[Image-backed grounding data]

■ ■ ■ ■ ■

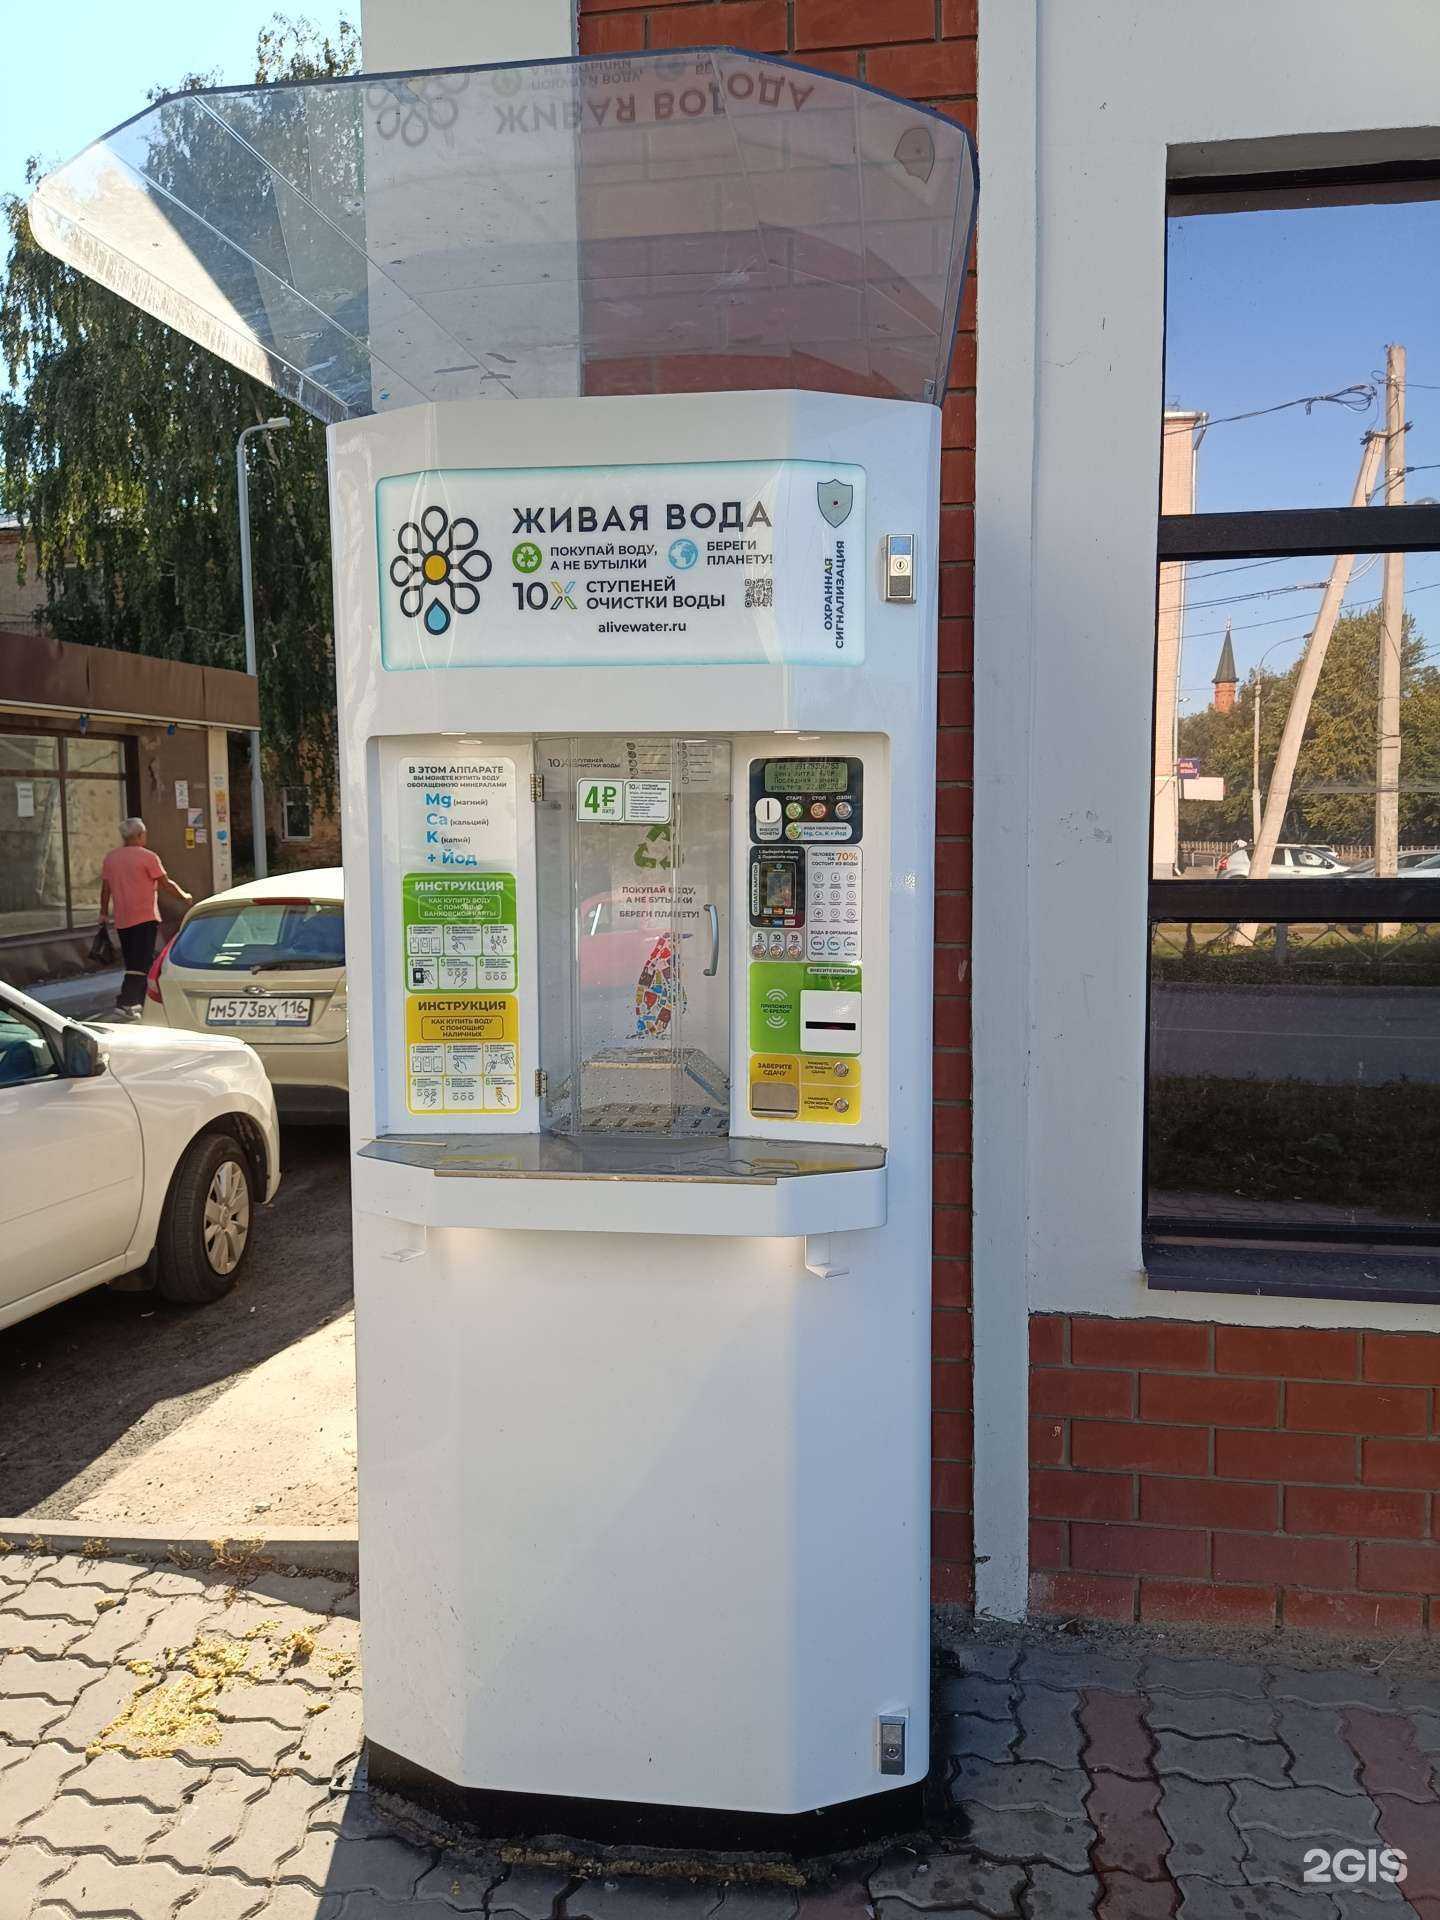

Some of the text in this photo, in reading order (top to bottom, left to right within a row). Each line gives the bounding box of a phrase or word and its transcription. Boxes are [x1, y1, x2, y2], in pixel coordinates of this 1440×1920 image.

[512, 500, 773, 534] ЖИВАЯ ВОДА
[550, 544, 657, 557] ПОКУПАЙ ВОДУ,
[706, 540, 757, 551] БЕРЕГИ
[550, 558, 647, 571] А НЕ БУТЫЛКИ
[706, 554, 773, 566] ПЛАНЕТУ!
[586, 576, 676, 593] СТУПЕНЕЙ
[824, 558, 833, 631] ОХРАННАЯ
[836, 540, 845, 648] СИГНАЛИЗАЦИЯ
[586, 594, 725, 610] ОЧИСТКИ ВОДЫ
[598, 620, 687, 633] alivewater.ru
[408, 766, 503, 774] В ЭТОМ АППАРАТЕ
[425, 793, 451, 808] Mg
[426, 813, 448, 826] Ca
[426, 831, 438, 843] K
[441, 849, 478, 866] Йод
[836, 852, 858, 861] 70%
[415, 881, 504, 892] ИНСТРУКЦИЯ
[622, 886, 666, 894] ПОКУПАЙ
[281, 1001, 305, 1014] 116
[418, 1001, 507, 1012] ИНСТРУКЦИЯ
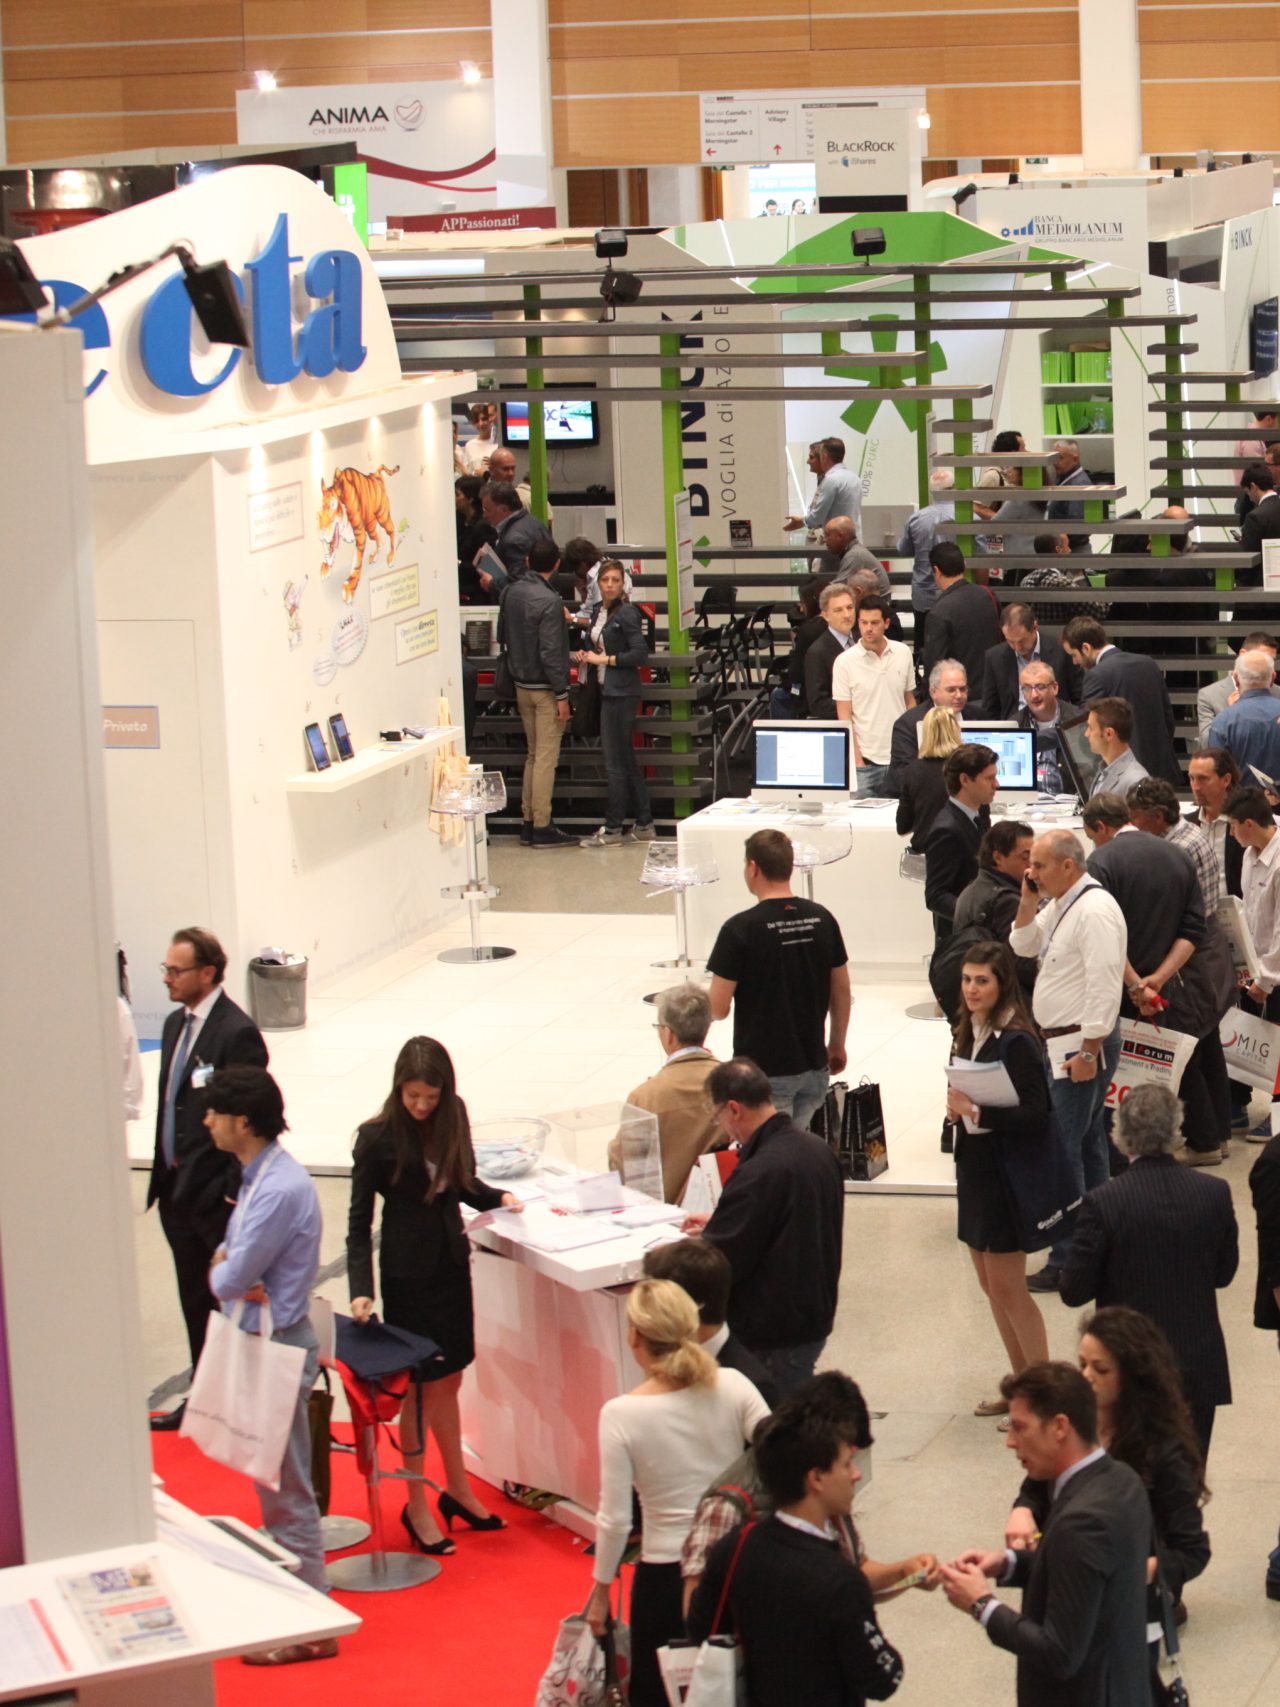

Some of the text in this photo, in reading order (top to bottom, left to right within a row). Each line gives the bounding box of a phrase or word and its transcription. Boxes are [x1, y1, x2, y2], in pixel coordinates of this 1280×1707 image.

[309, 106, 389, 126] ANIMA
[704, 117, 738, 126] Morningstar
[768, 116, 787, 124] Village
[705, 137, 738, 146] Morningstar
[441, 214, 520, 231] APPassionati!
[1034, 215, 1063, 224] BANCA
[1036, 222, 1123, 236] MEDIOLANUM
[719, 433, 737, 518] VOGLIA
[103, 719, 148, 733] Privato
[1237, 1033, 1270, 1058] MIG
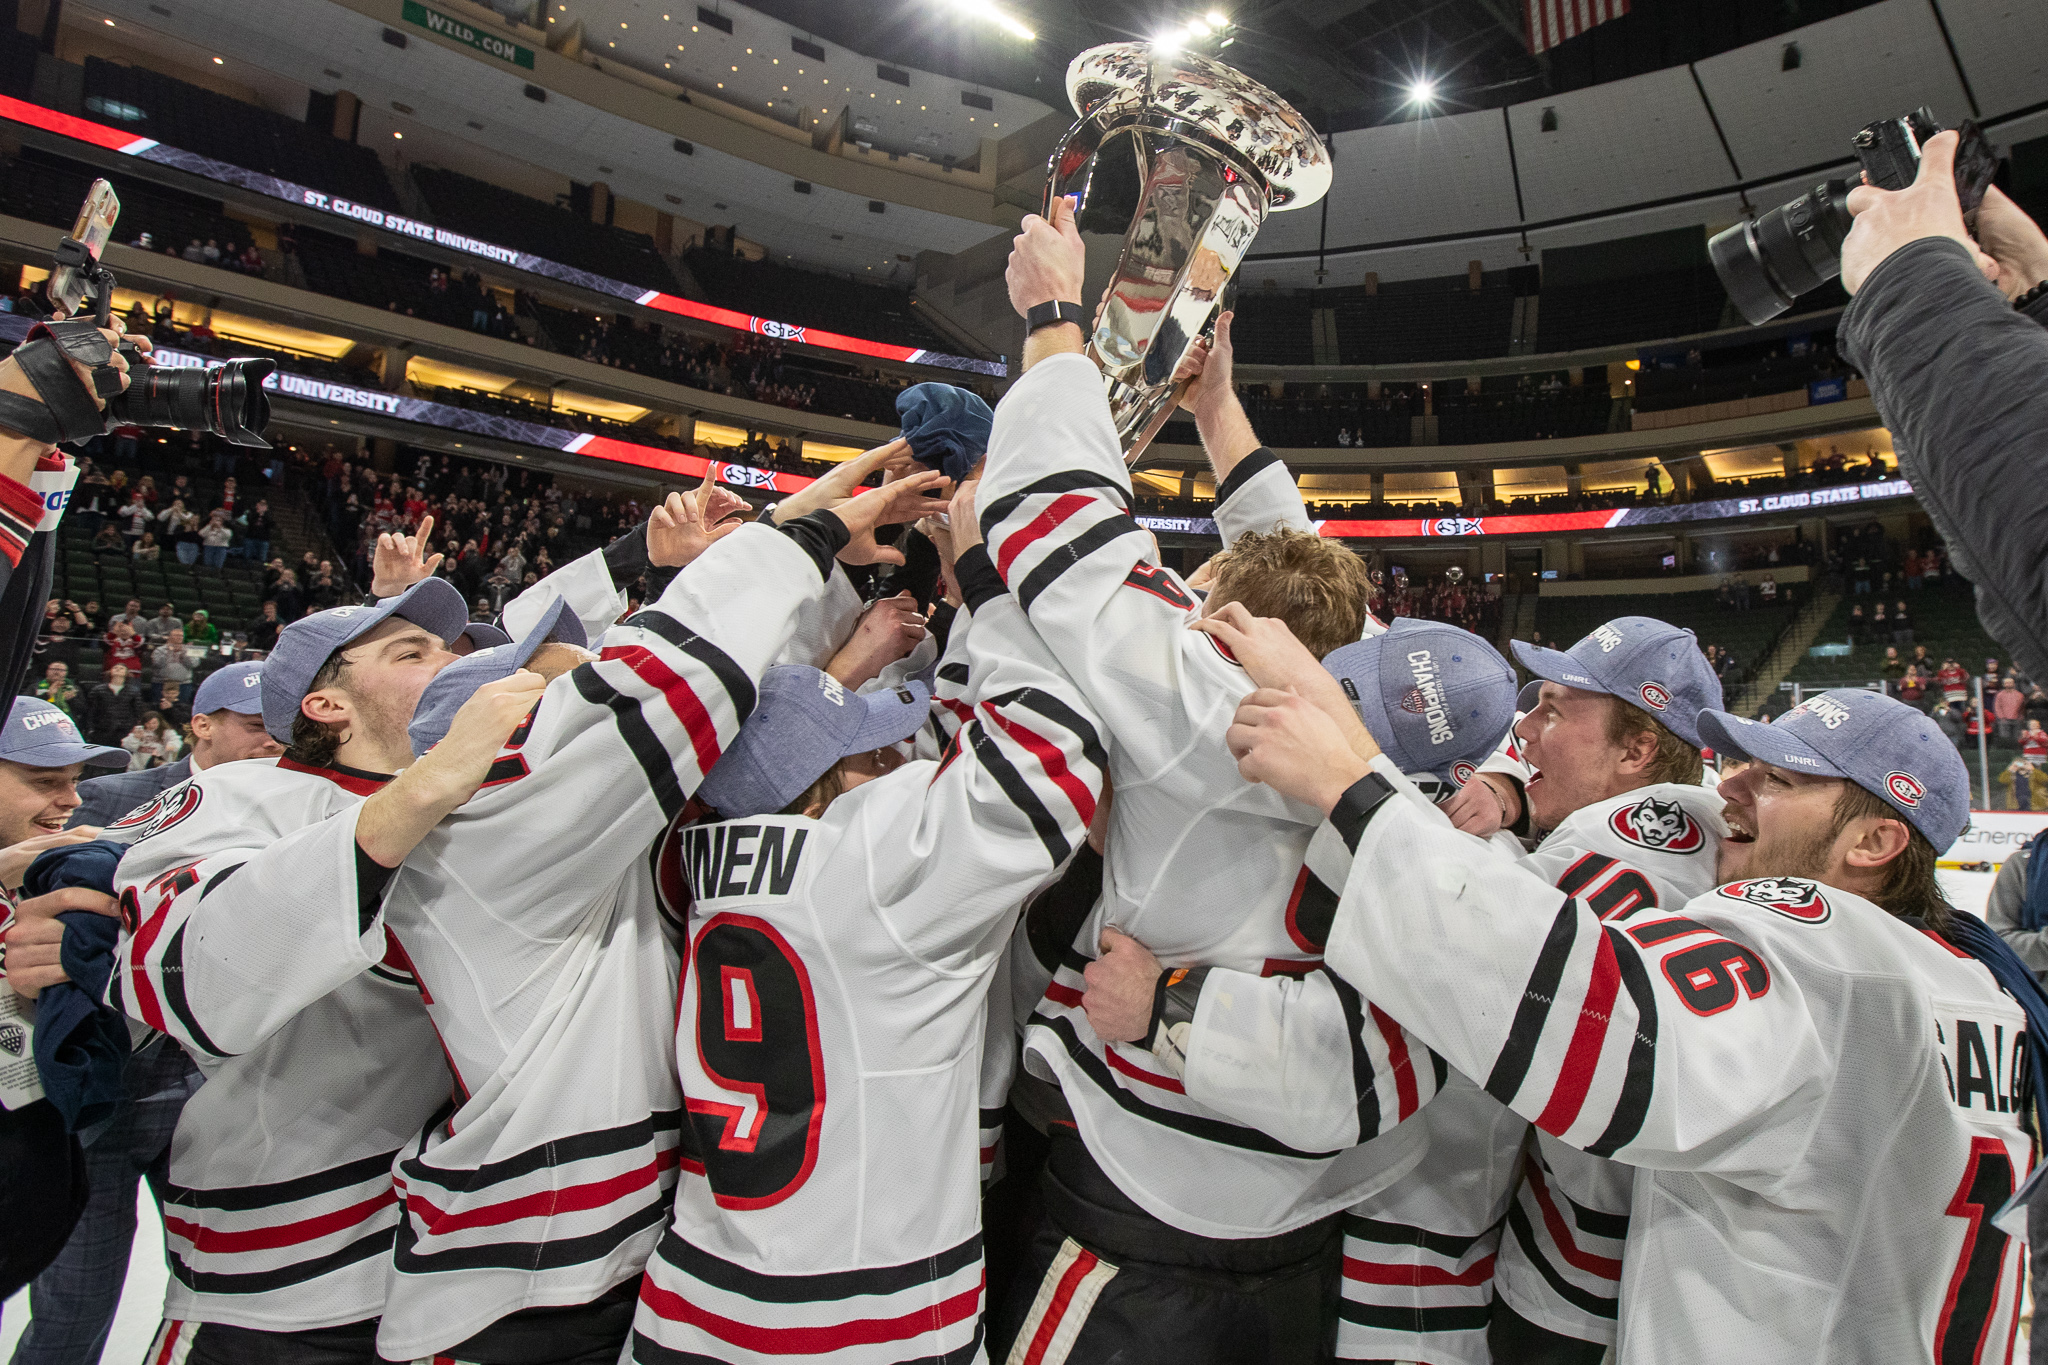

■ ■ ■ ■ ■

What is needed: The copy should start at the line that contains "this 1280×1707 image.", end at the last line of the entries above, and match each line exactly, with pictures dropped.

Response:
Some of the text in this photo, in reading order (top to bottom, left to right within a row). Each line gives the bounding box of a phrase or word and its transcription. Boxes are [x1, y1, x2, y2], in pixel coordinates of this 1280×1707 image.

[309, 106, 389, 126] ANIMA
[704, 117, 738, 126] Morningstar
[768, 116, 787, 124] Village
[705, 137, 738, 146] Morningstar
[441, 214, 520, 231] APPassionati!
[1034, 215, 1063, 224] BANCA
[1036, 222, 1123, 236] MEDIOLANUM
[719, 433, 737, 518] VOGLIA
[103, 719, 148, 733] Privato
[1237, 1033, 1270, 1058] MIG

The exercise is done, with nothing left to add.